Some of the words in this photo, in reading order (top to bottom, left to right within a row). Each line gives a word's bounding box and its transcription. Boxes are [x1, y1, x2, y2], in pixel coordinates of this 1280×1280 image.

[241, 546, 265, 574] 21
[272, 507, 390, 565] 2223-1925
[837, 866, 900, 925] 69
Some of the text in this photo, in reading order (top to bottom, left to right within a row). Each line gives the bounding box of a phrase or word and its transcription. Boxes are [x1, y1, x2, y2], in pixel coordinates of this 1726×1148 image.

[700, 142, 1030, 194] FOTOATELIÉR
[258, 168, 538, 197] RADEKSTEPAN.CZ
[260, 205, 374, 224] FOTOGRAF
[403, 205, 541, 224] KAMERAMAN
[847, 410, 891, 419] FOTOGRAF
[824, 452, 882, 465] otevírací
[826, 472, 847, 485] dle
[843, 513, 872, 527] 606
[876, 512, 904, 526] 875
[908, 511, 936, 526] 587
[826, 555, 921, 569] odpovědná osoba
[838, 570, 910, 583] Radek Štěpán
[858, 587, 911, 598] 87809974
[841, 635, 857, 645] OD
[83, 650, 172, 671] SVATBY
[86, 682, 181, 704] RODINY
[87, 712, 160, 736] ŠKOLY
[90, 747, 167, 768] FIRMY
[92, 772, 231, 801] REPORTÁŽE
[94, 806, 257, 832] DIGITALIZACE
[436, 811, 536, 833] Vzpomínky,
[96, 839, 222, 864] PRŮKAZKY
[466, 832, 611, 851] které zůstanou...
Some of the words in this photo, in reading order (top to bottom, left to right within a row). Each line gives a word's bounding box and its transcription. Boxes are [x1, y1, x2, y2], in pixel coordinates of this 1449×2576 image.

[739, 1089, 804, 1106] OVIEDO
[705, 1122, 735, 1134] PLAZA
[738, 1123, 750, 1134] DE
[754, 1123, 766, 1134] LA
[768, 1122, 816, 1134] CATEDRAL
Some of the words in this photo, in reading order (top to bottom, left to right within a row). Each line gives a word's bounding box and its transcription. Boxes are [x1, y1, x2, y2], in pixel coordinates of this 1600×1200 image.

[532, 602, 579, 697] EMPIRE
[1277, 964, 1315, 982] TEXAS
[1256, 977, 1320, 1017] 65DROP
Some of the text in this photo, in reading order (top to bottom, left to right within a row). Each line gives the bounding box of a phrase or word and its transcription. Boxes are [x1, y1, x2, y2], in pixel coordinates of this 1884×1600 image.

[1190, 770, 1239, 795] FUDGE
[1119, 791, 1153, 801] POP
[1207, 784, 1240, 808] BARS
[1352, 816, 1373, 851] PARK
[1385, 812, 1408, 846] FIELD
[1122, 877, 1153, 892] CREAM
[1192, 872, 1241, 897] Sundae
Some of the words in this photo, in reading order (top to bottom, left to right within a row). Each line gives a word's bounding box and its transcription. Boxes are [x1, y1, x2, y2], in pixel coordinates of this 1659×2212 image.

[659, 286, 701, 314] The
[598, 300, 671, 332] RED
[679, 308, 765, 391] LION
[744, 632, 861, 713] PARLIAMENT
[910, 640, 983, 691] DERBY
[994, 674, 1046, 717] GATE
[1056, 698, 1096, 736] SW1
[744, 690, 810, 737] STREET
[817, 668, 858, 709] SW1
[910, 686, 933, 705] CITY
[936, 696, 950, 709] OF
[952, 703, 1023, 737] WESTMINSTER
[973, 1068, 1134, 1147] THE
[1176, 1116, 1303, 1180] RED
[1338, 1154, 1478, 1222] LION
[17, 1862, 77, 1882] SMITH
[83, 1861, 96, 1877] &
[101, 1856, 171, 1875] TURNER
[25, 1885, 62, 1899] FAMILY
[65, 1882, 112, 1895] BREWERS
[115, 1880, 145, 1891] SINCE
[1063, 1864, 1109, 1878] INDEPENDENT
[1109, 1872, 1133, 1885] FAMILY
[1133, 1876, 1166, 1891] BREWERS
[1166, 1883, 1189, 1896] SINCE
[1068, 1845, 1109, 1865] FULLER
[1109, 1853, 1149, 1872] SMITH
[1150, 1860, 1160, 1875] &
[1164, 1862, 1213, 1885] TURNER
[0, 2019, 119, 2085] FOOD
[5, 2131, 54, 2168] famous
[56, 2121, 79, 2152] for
□ □ □ □
Print every line of the records exactly. Omit nothing.

Some of the words in this photo, in reading order (top to bottom, left to right within a row). Each line gives a word's bounding box and its transcription. Boxes are [x1, y1, x2, y2], in pixel coordinates of this 1280×1280 image.

[241, 546, 265, 574] 21
[272, 507, 390, 565] 2223-1925
[837, 866, 900, 925] 69
Some of the text in this photo, in reading order (top to bottom, left to right within a row). Each line gives the bounding box of a phrase or word and its transcription. Boxes are [x1, y1, x2, y2], in pixel coordinates of this 1726×1148 image.

[700, 142, 1030, 194] FOTOATELIÉR
[258, 168, 538, 197] RADEKSTEPAN.CZ
[260, 205, 374, 224] FOTOGRAF
[403, 205, 541, 224] KAMERAMAN
[847, 410, 891, 419] FOTOGRAF
[824, 452, 882, 465] otevírací
[826, 472, 847, 485] dle
[843, 513, 872, 527] 606
[876, 512, 904, 526] 875
[908, 511, 936, 526] 587
[826, 555, 921, 569] odpovědná osoba
[838, 570, 910, 583] Radek Štěpán
[858, 587, 911, 598] 87809974
[841, 635, 857, 645] OD
[83, 650, 172, 671] SVATBY
[86, 682, 181, 704] RODINY
[87, 712, 160, 736] ŠKOLY
[90, 747, 167, 768] FIRMY
[92, 772, 231, 801] REPORTÁŽE
[94, 806, 257, 832] DIGITALIZACE
[436, 811, 536, 833] Vzpomínky,
[96, 839, 222, 864] PRŮKAZKY
[466, 832, 611, 851] které zůstanou...
Some of the words in this photo, in reading order (top to bottom, left to right within a row). Each line gives a word's bounding box and its transcription. Boxes are [x1, y1, x2, y2], in pixel coordinates of this 1449×2576 image.

[739, 1089, 804, 1106] OVIEDO
[705, 1122, 735, 1134] PLAZA
[738, 1123, 750, 1134] DE
[754, 1123, 766, 1134] LA
[768, 1122, 816, 1134] CATEDRAL
Some of the words in this photo, in reading order (top to bottom, left to right within a row). Each line gives a word's bounding box and its transcription. Boxes are [x1, y1, x2, y2], in pixel coordinates of this 1600×1200 image.

[532, 602, 579, 697] EMPIRE
[1277, 964, 1315, 982] TEXAS
[1256, 977, 1320, 1017] 65DROP
Some of the text in this photo, in reading order (top to bottom, left to right within a row). Each line gives the bounding box of a phrase or word and its transcription. Boxes are [x1, y1, x2, y2], in pixel coordinates of this 1884×1600 image.

[1190, 770, 1239, 795] FUDGE
[1119, 791, 1153, 801] POP
[1207, 784, 1240, 808] BARS
[1352, 816, 1373, 851] PARK
[1385, 812, 1408, 846] FIELD
[1122, 877, 1153, 892] CREAM
[1192, 872, 1241, 897] Sundae
Some of the words in this photo, in reading order (top to bottom, left to right within a row). Each line gives a word's bounding box and its transcription. Boxes are [x1, y1, x2, y2], in pixel coordinates of this 1659×2212 image.

[659, 286, 701, 314] The
[598, 300, 671, 332] RED
[679, 308, 765, 391] LION
[744, 632, 861, 713] PARLIAMENT
[910, 640, 983, 691] DERBY
[994, 674, 1046, 717] GATE
[1056, 698, 1096, 736] SW1
[744, 690, 810, 737] STREET
[817, 668, 858, 709] SW1
[910, 686, 933, 705] CITY
[936, 696, 950, 709] OF
[952, 703, 1023, 737] WESTMINSTER
[973, 1068, 1134, 1147] THE
[1176, 1116, 1303, 1180] RED
[1338, 1154, 1478, 1222] LION
[17, 1862, 77, 1882] SMITH
[83, 1861, 96, 1877] &
[101, 1856, 171, 1875] TURNER
[25, 1885, 62, 1899] FAMILY
[65, 1882, 112, 1895] BREWERS
[115, 1880, 145, 1891] SINCE
[1063, 1864, 1109, 1878] INDEPENDENT
[1109, 1872, 1133, 1885] FAMILY
[1133, 1876, 1166, 1891] BREWERS
[1166, 1883, 1189, 1896] SINCE
[1068, 1845, 1109, 1865] FULLER
[1109, 1853, 1149, 1872] SMITH
[1150, 1860, 1160, 1875] &
[1164, 1862, 1213, 1885] TURNER
[0, 2019, 119, 2085] FOOD
[5, 2131, 54, 2168] famous
[56, 2121, 79, 2152] for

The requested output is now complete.